\documentstyle[12pt,fullpage]{article}

Knowledge Discovery and Data Mining

CIS 4523/5523, Spring 2024

Assignment 3

Out: February 8

Due: February 15 by 5:30pm on Canvas

*Please write your name and TUID at the top of your CANVAS submission.

Number of problems/points: Eight problems for total of 100 points

Problem 1: (10 points)

The following algorithm aims to find the K nearest neighbors of a data object:

1: for i = 1 to number of data objects do

2: Find the distances of the i-th object to all other objects.

3: Sort these distances in decreasing order.

(Keep track of which object is associated with each distance.)

4: return the objects associated with the first K distances of the sorted list

5: end for

(a) (5 points) Describe the potential problems with this algorithm if there are duplicate objects in the data set.

(b) (5 points) How would you fix this problem?

Problem 2: (20 points)

Compute the cosine measure using the frequencies between the following two sentences:

(a) “The sly fox jumped over the lazy dog.”

(b) “The dog jumped at the intruder.”

Problem 3: (10 points)

Transform correlation to a similarity measure with [0,1] range that could be used for clustering time series.

Problem 4: (10 points)

Transform correlation to a similarity measure with [0,1] range that could be used for predicting the behavior of one time series given another.

Problem 5: (20 points)

This exercise compares and contrasts some similarity and distance measures.

(a) (10 points) For binary data, the L1 distance corresponds to the Hamming distance; that is, the number of bits that are different between two binary vectors. The Jaccard similarity is a measure of the similarity between two binary vectors. Suppose that you are comparing how similar two organisms of different species are in terms of the number of genes they share. Describe which measure, Hamming or Jaccard, would be more appropriate for comparing the genetic makeup of two organisms. Explain. (Assume that each animal is represented as a binary vector, where each attribute is 1 if a particular gene is present in the organism and 0 otherwise.)

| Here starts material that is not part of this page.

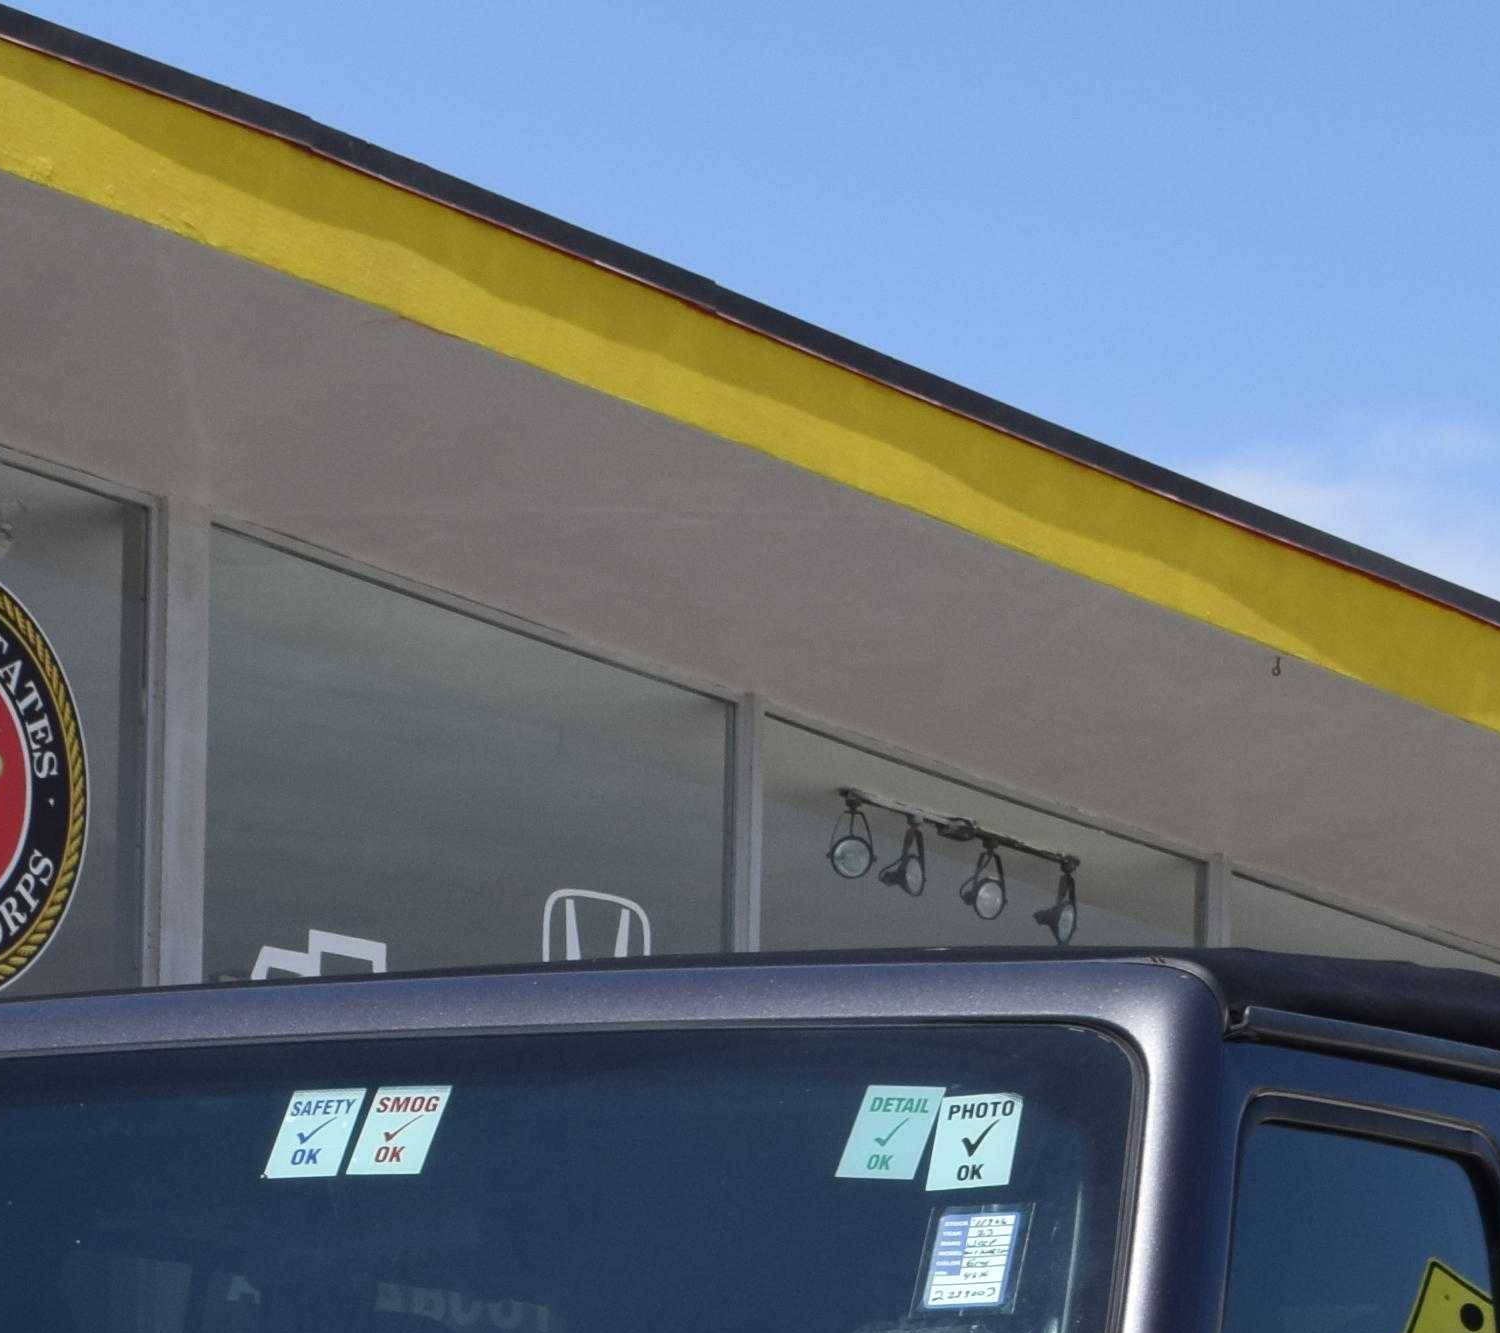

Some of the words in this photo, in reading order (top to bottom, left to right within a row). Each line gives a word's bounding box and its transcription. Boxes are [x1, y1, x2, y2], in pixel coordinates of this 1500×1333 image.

(b) (10 points) If you wanted to compare the genetic makeup of two organisms of the same species, e.g., two human beings, would you use the Hamming distance, the Jaccard coefficient, or a different measure of similarity or distance? Explain. (Note that two human beings share > 99.9% of the same genes.)

Problem 6: (10 points)

Donor data consists of 11 records in the following format: Name Age Salary Donor(Y/N). Donor training dataset:

Nancy 21 37,000 N

Jim 27 41,000 N

Allen 43 61,000 Y

Jane 38 55,000 N

Steve 44 30,000 N

Peter 51 56,000 Y

Sayani 53 70,000 Y

Lata 56 74,000 Y

Mary 59 25,000 N

Victor 61 68,000 Y

Dale 63 51,000 Y

Compute the Gini index for the entire Donor data set, with respect to the two classes. Compute the Gini index for the portion of the data set with age at least 50.

Problem 7: (10 points)

Repeat the computation of the previous exercise with the use of the entropy criterion. Compute the entropy for the portion of the data set with age greater than 50.

Problem 8: (10 points)

What is the best classification accuracy that can be obtained on Donor dataset with a decision tree of depth 2, where each test results in a binary split?